Michaela Pereira remembers those sweet, innocent times when returning to school used to be a great feeling for students. “Picking out your little outfit, seeing all your friends, getting a new teacher and maybe being a graduating senior.”
Pereira, who anchors KTTV’s Good Day LA weekday mornings from 7 to 10, says there is that feeling still, but now there’s a darker side due to the pandemic that’s produced feelings of uncertainty and anxiety.
“Added are the parental concerns of students’ safety, especially with the kids under 12 who are unvaccinated.” Pereira says. “Are they going to be anxious in the classroom?”
In the beginning of August, Fox O&O KTTV began a month-long news series reporting on the critical issues related to the return of full-time, in-person learning in Southern California since the pandemic started.
Under the umbrella Destination Education, KTTV’s series of reports delve into how this school year is unlike any in the history of the nation’s second largest school district.
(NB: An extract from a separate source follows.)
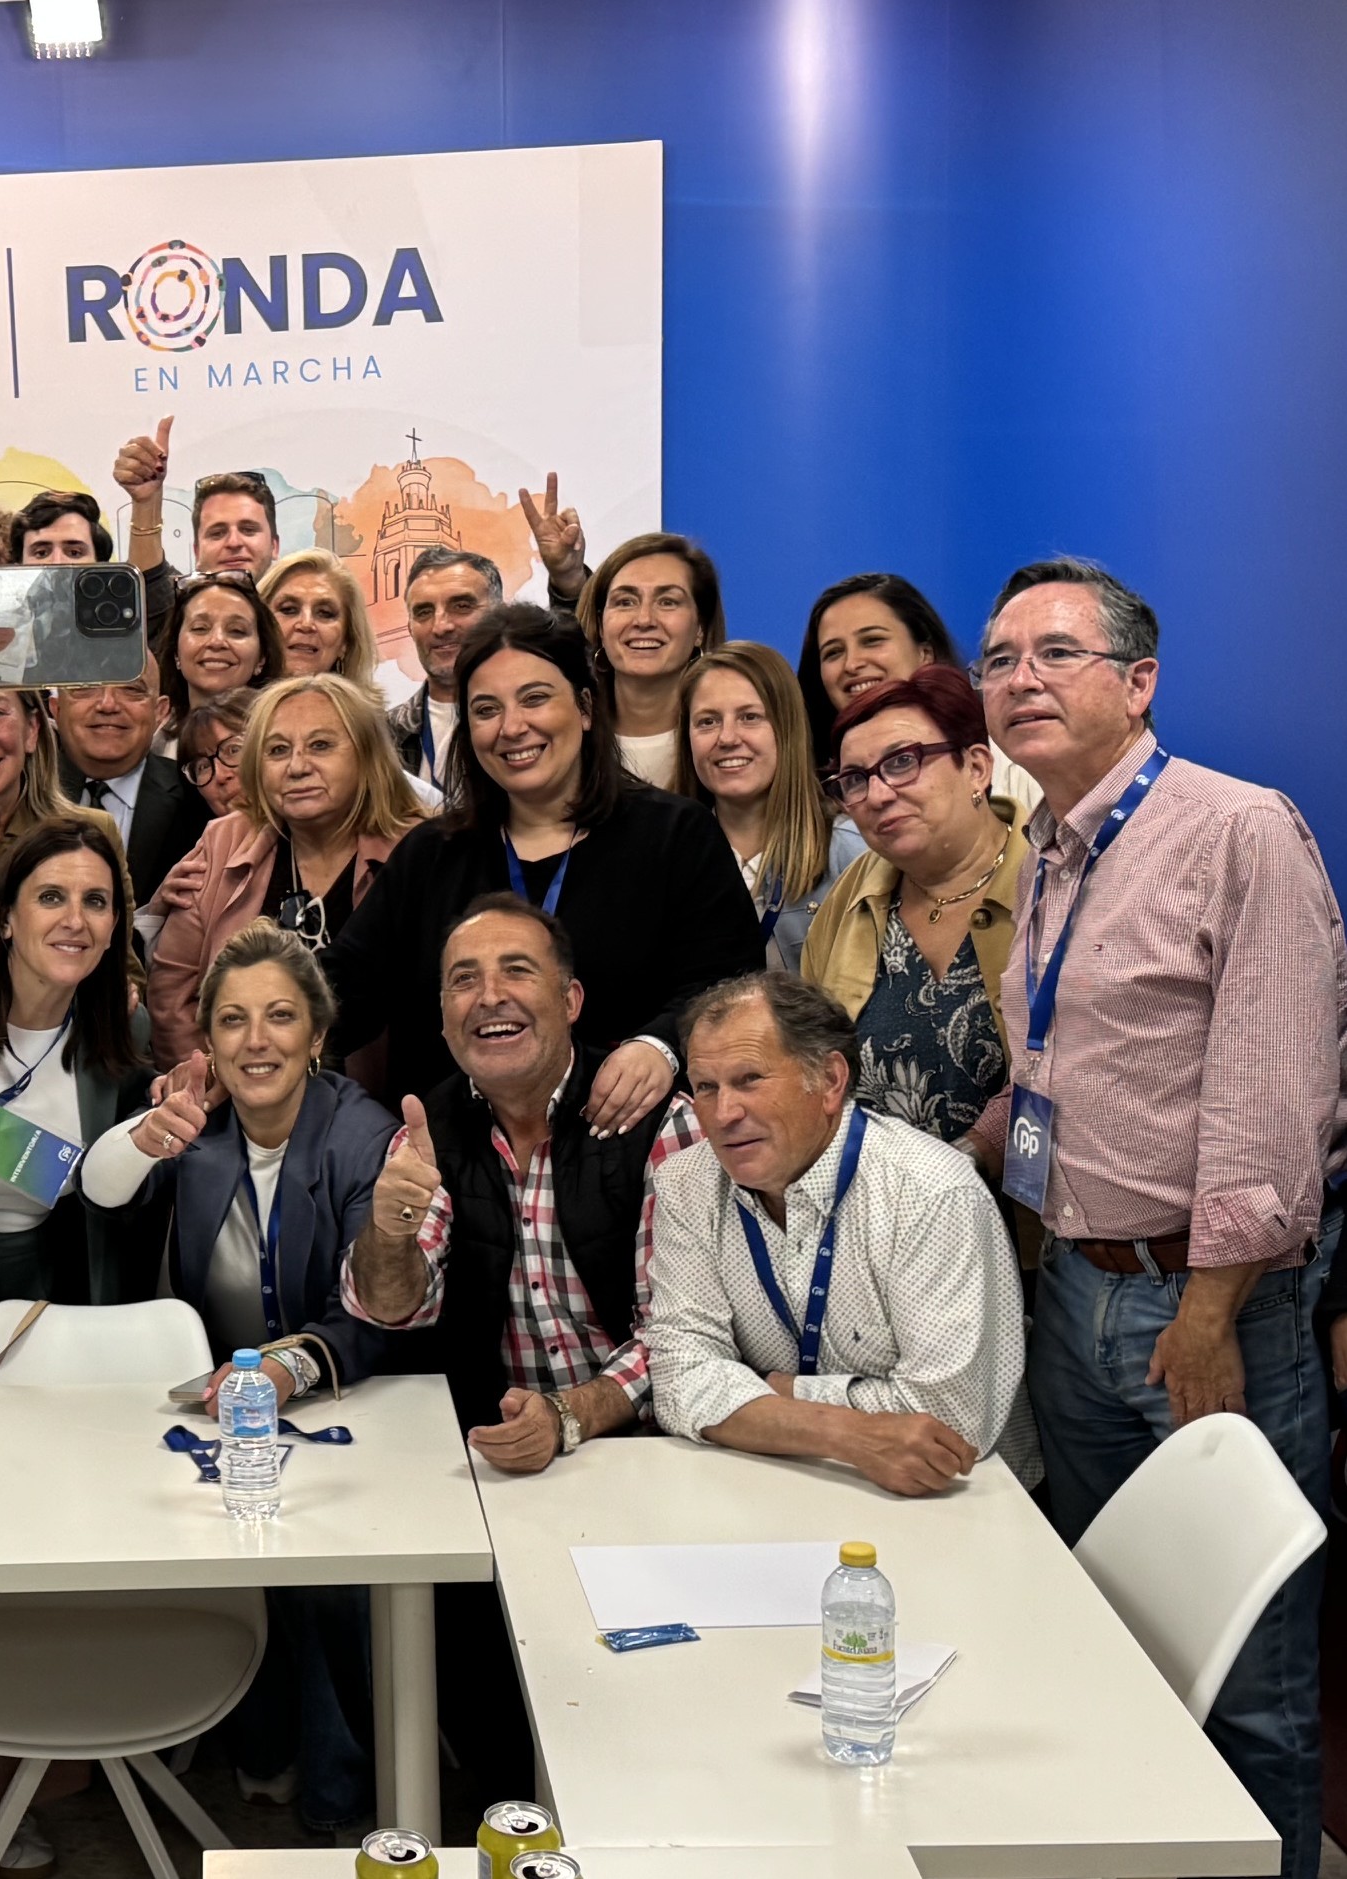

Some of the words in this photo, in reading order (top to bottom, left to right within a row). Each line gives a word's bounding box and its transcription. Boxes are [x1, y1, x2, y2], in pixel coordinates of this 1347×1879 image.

[65, 239, 444, 352] RONDA
[134, 366, 179, 392] EN
[208, 354, 383, 389] MARCHA
There’s a hunger for information about what’s new when it comes to school and the pandemic because the information can change every day.
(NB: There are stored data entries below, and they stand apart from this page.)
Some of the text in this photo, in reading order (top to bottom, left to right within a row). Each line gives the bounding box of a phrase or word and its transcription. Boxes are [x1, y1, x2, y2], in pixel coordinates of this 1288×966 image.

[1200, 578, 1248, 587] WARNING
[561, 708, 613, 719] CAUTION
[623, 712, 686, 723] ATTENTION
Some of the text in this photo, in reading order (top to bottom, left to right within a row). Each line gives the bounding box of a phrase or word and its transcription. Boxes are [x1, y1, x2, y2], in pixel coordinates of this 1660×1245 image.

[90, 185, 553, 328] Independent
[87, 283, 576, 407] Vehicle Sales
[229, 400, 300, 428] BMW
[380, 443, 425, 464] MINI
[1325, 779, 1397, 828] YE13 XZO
Pereira says the station didn’t have to look far to see that hunger. “There was this building anxiety about what school was going to look like this year” during editorial news meetings, she says.
Pereira says Destination Education is KTTV’s deep dive into what’s keeping parents awake at night and the concerns people in the community are having about back to school.
One of the first orders of business for Destination Education was determining which schools were open and when. That may seem simple until one realizes how spread-out school districts are in the L.A. area. “You’ve got charter schools, you’ve got private schools, you’ve got public schools,” Pereira says.
Different counties and different school districts equal different times.
KTTV posted a full list on its website when each school district was set to open, but as they opened, that presented a logistical challenge to make sure each district received enough coverage, Pereira says.
Conversations with producers and reporters in daily planning meetings and before and after the morning news make that process sound like a tightly orchestrated military campaign.
“We send our reporters out there when there is a first day of school to each of the different counties to show what it was looking like for each of those school districts,” Pereira says.
One of the missions of deploying the feet on the street was to get a ground-level assessment within the districts that the more vulnerable students aren’t looked over, Pereira says. “Kids with learning disabilities, kids with physical disabilities, our LGBTQ plus kids — were they getting the support they needed?”
At the same time the station is on the ground, it’s checking in with California’s highest authority on the state’s public education, Tony Thurman, the superintendent.
“We have been in fairly regular contact with him,” Pereira says.
Despite all the processes and protocols, the testing, temperature checks and vaccine verifications — some resulting in long lines and backups — it’s the price of going to back to school these days, Pereira says.
“All it takes is one match to light a forest fire,” she says.
Pereira knows there are conflicts, concerns, worries and anxieties out there, but working together to find “solutions seems more powerful,” she says. “Everybody wants these kids to be safe. They look to us for protection and guidance and leadership and coaching.”
What has struck Pereira through all the stories and conversations this month, she says, is the resilience of the kids.
“I am really moved by how they are managing this. They have the capacity that we adults often don’t.”